Die CAVS-Technologie misst den Vakuum­druck mit­hilfe eines kalten Gases aus etwa hundert­tausend Lithium- oder Rubidium­atomen, die in einem Magnet­feld ein­ge­schlossen sind. Diese Atome fluores­zieren, wenn sie von einem Laser beleuchtet werden, der genau auf die richtige Frequenz ein­ge­stellt ist. Die Anzahl der ein­ge­schlos­senen Atome kann genau gezählt werden, indem man die Intensität dieses Leuchtens misst. Wenn der CAVS-Sensor an eine Vakuum­kammer angeschlossen wird, stoßen die in der Kammer verbliebenen Atome oder Moleküle mit den gefangenen Atomen zusammen. Jeder Zusammen­stoß stößt ein Atom aus der Falle, wodurch sich die Anzahl der Atome und die Intensität des aus­gestrahlten Lichts verringert. Diese Intensität, die von Licht­sensoren leicht gemessen werden kann, dient als empfind­liches Maß für den Druck. Diese Beziehung zwischen der Abblend­rate und der Anzahl der Moleküle wird von der Quanten­mechanik genau vorher­gesagt.

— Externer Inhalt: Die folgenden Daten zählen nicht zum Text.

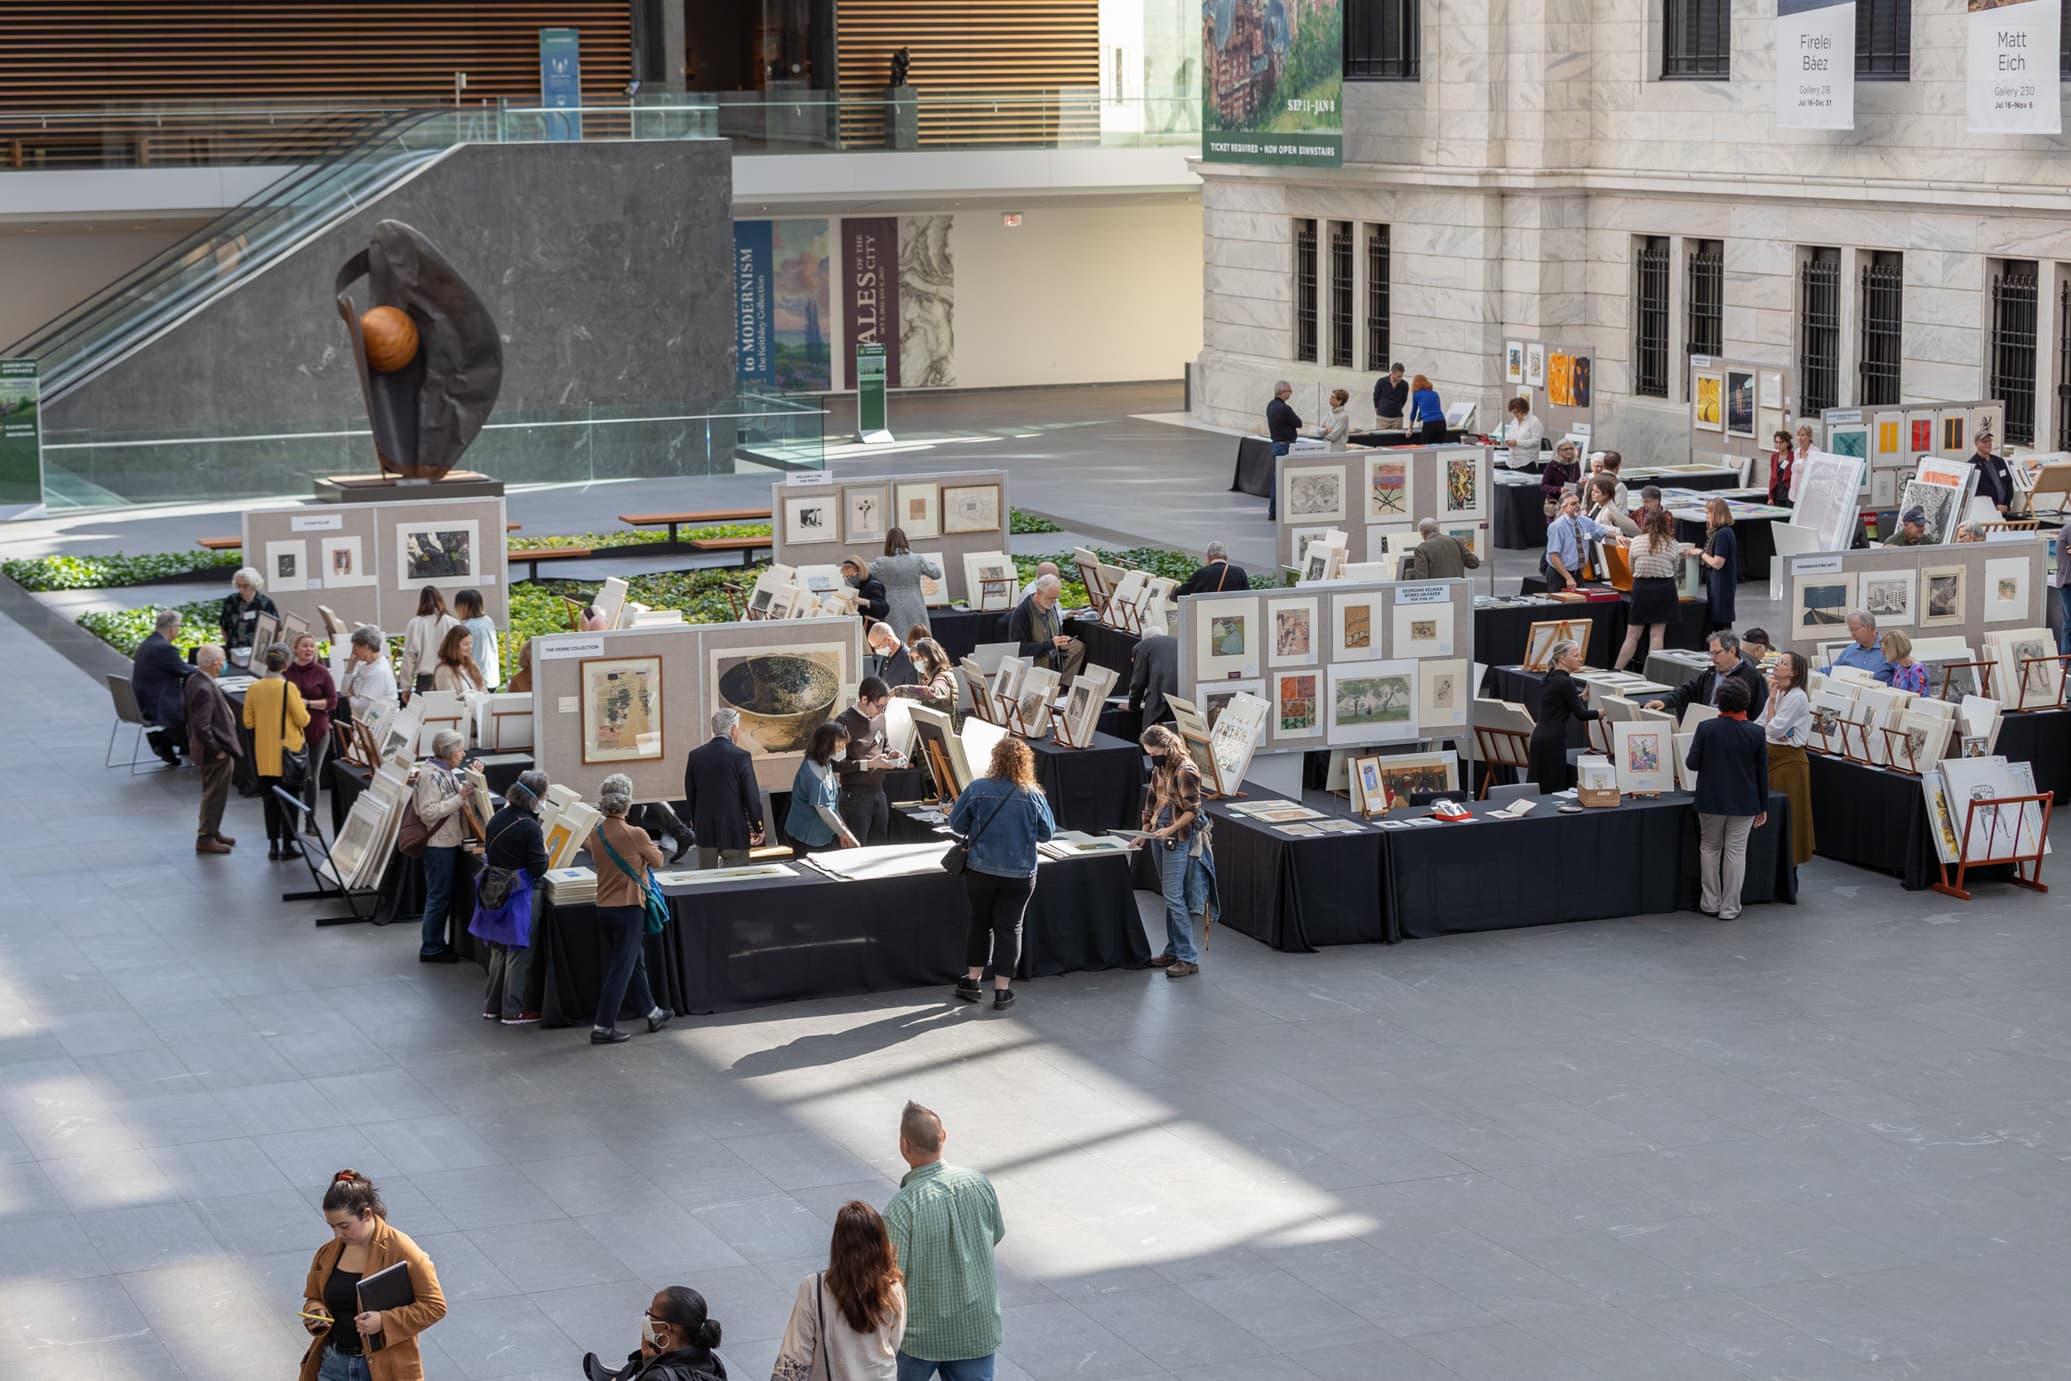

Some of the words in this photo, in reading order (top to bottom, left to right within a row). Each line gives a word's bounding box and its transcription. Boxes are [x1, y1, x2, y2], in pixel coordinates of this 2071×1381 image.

[1800, 34, 1832, 50] Firelei
[1998, 32, 2027, 48] Matt
[1802, 56, 1828, 71] Báez
[1998, 54, 2026, 71] Eich
[1800, 85, 1820, 96] Gallery
[1994, 86, 2018, 98] Gallery
[2020, 86, 2035, 96] 230
[1288, 99, 1302, 112] SEP
[1330, 100, 1335, 112] 8
[1210, 142, 1230, 152] TICKET
[1231, 143, 1259, 153] REQUIRED
[1264, 145, 1277, 154] NOW
[1279, 146, 1297, 155] OPEN
[866, 235, 876, 270] CITY
[856, 258, 863, 270] OF
[740, 248, 755, 353] MODERNISM
[756, 275, 766, 320] Collection
[856, 272, 877, 344] ALES
[758, 322, 767, 356] Keithley
[744, 357, 755, 372] to
[758, 357, 767, 371] the

Abb.: Aufbau des dynamischen Expansionssystems zur Überprüfung der...
Abb.: Aufbau des dynamischen Expansionssystems zur Überprüfung der CAVS-Sensoren. (Bild: NIST)

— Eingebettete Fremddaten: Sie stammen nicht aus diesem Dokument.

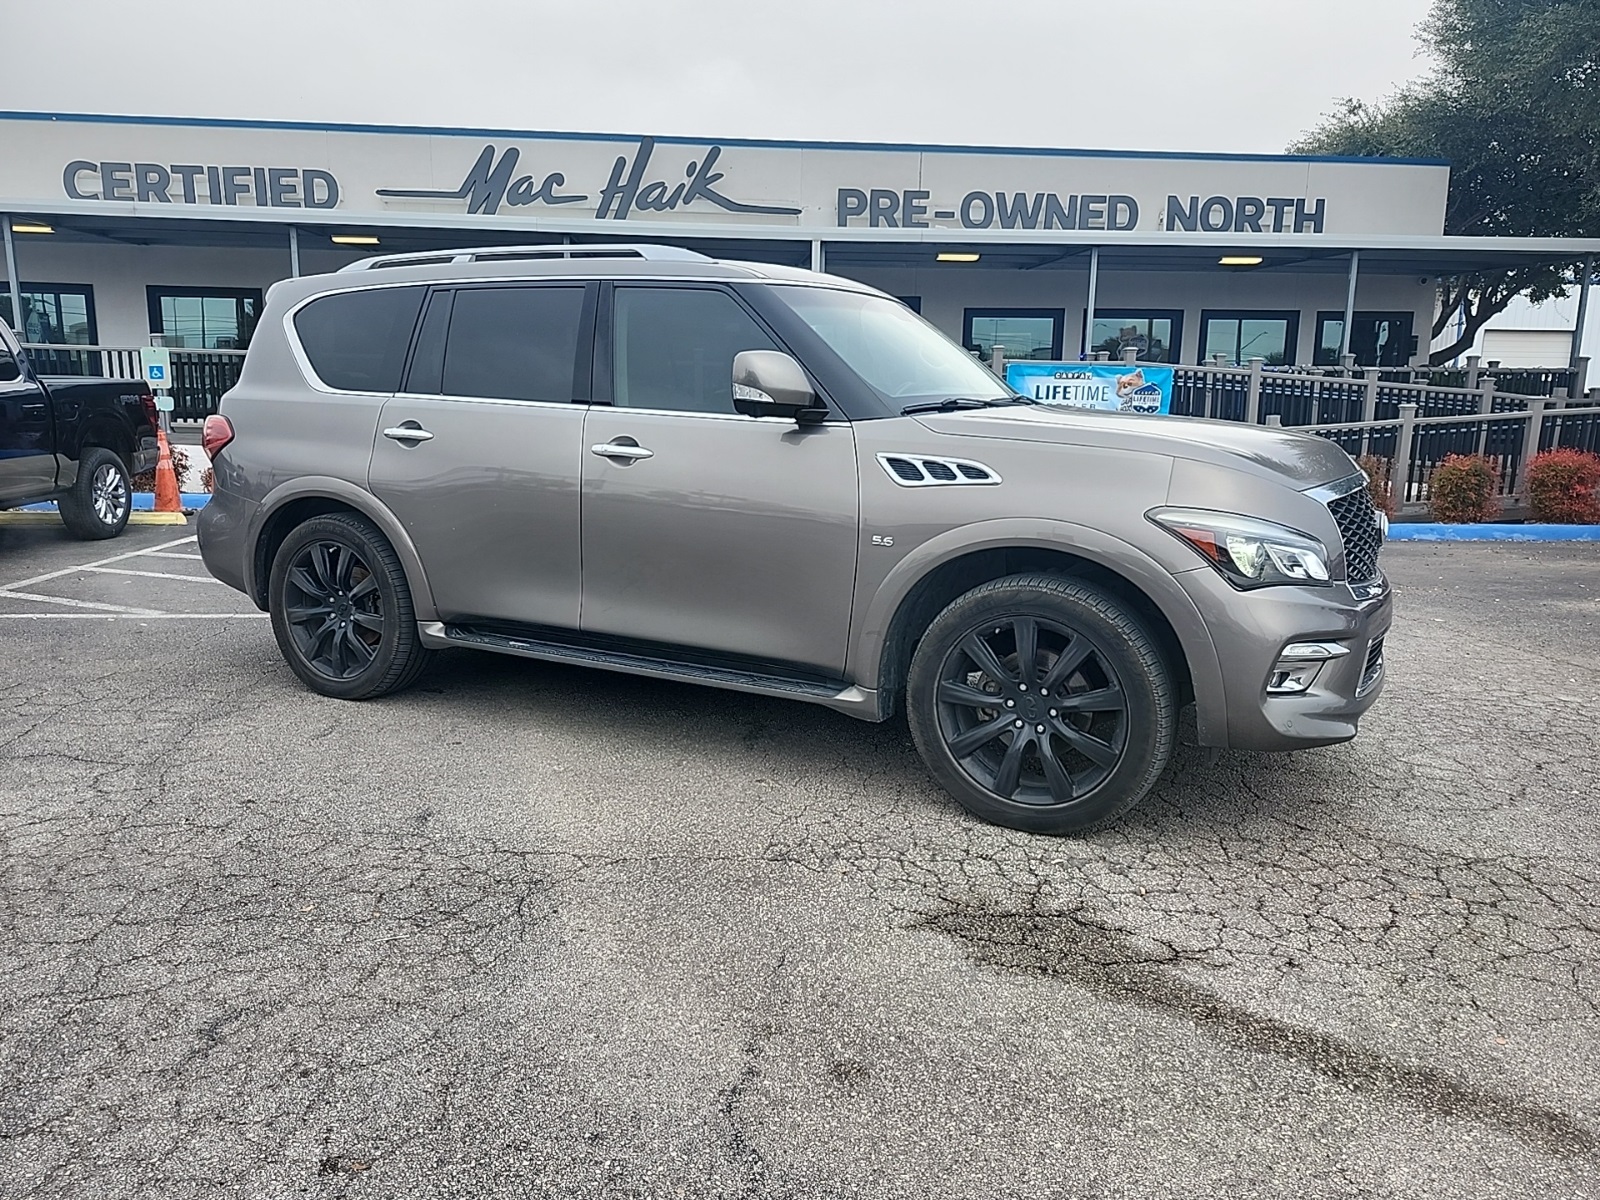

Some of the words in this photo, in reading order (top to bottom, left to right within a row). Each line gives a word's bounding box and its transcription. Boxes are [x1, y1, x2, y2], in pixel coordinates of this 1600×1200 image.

[63, 159, 339, 209] CERTIFIED
[376, 145, 588, 215] Mac
[594, 136, 802, 220] Haik
[837, 187, 1139, 232] PRE-OWNED
[1165, 194, 1326, 234] NORTH
[1054, 371, 1093, 380] CARFAX
[1035, 384, 1110, 402] LIFETIME
[871, 535, 894, 547] 5.6

In der neuen Arbeit hat das NIST-Team seine CAVS-Sensoren an den der­zeitigen Gold­standard für Referenz­systeme bei UHV-Druck­messungen, ein dynamisches Expansions­system, angeschlossen. Dyna­mische Aus­dehnungs­systeme funkti­onieren, indem sie eine bekannte Gasmenge, gemessen in Molekülen pro Sekunde, in eine Vakuum­kammer einleiten und dann das Gas am anderen Ende der Kammer mit einer bekannten Geschwin­dig­keit langsam ablassen. Daraus lässt sich dann der resul­tierende Druck berechnen. 

In ihrem Experiment bauten die Forscher ein solches dynamisches Hoch­leistungs­expansions­system, das äußerst kleine Gasströme ermöglicht und mit einem speziell an­gefertigten Durch­flussmess­gerät zur Messung extrem geringer Teilchen­flüsse aus­gestattet ist. In diesem System ließen sie Gas mit einer Durch­fluss­rate von etwa 10 bis 100 Milliarden Molekülen pro Sekunde in die obere Kammer. Das Gas bewegte sich von der oberen Kammer in die untere Kammer, die von einer Vakuum­pumpe mit bekannter Pumprate durch eine genau bemessene – und mit einer Präzision im Sub­mikrometer­bereich hergestellte – Öffnung evakuiert wurde. Mit einer Reihe von Messgeräten wurde das Druck­verhältnis zwischen der oberen und der unteren Kammer kontrolliert, um Unregelmäßigkeiten auszugleichen. Anhand der Gas­zu­fluss­rate und der Geschwindig­keit, mit der sich das Gas zwischen den beiden Kammern bewegte, berechneten die Forscher den Druck in der oberen Kammer, den das CAVS unabhängig maß. Die Überein­stimmung beider Werte bestätigte die Güte der neuen CAVS-Druckmessmethode.

„Der Aufwand, der nötig ist, um eine klassische Standard­mess­anordnung auf­zubauen, ist gewaltig“, so Scherschligt. „Das hat uns den Sinn des ganzen Experiments vor Augen geführt, nämlich dass CAVS eine hohe Genauig­keit in einer viel einfacheren Form bietet.“

Das NIST-Team testete bei seiner Arbeit zwei Arten von CAVS-Sensoren. Bei dem einen handelt es sich um eine Labor­version, bei dem anderen um eine mobile Version, die problemlos in der modernen Chip­fertigung eingesetzt werden kann. „Die tragbare Version ist so einfach, dass wir uns entschlossen haben, sie so zu automatisieren, dass wir nur sehr selten in ihren Betrieb eingreifen mussten. Tatsächlich wurden die meisten Daten des tragbaren CAVS für diese Studie aufgenommen, während wir bequem zu Hause schliefen“, berichtet NIST-Physiker Dan Barker. „Die von uns gemessenen Gase – darunter Stickstoff, Helium, Argon und sogar Neon – sind allesamt reaktions­träge Halbleiter­prozess­gase“, er­klärt Steve Eckel. „Aber wir hoffen, in Zukunft auch reaktivere Gase wie Wasser­stoff, Kohlen­dioxid, Kohlen­monoxid und Sauer­stoff messen zu können, die alle sowohl übliche Rest­gase in Vakuum­kammern als auch nützliche Gase für die Halb­leiter­her­stellung sind.“

Zusammen­genommen versprechen diese CAVS-Systeme allen Forschern, die mit UHV und XHV arbeiten, neue Höchst­leistungen in Wissen­schaft und Technik zu erreichen.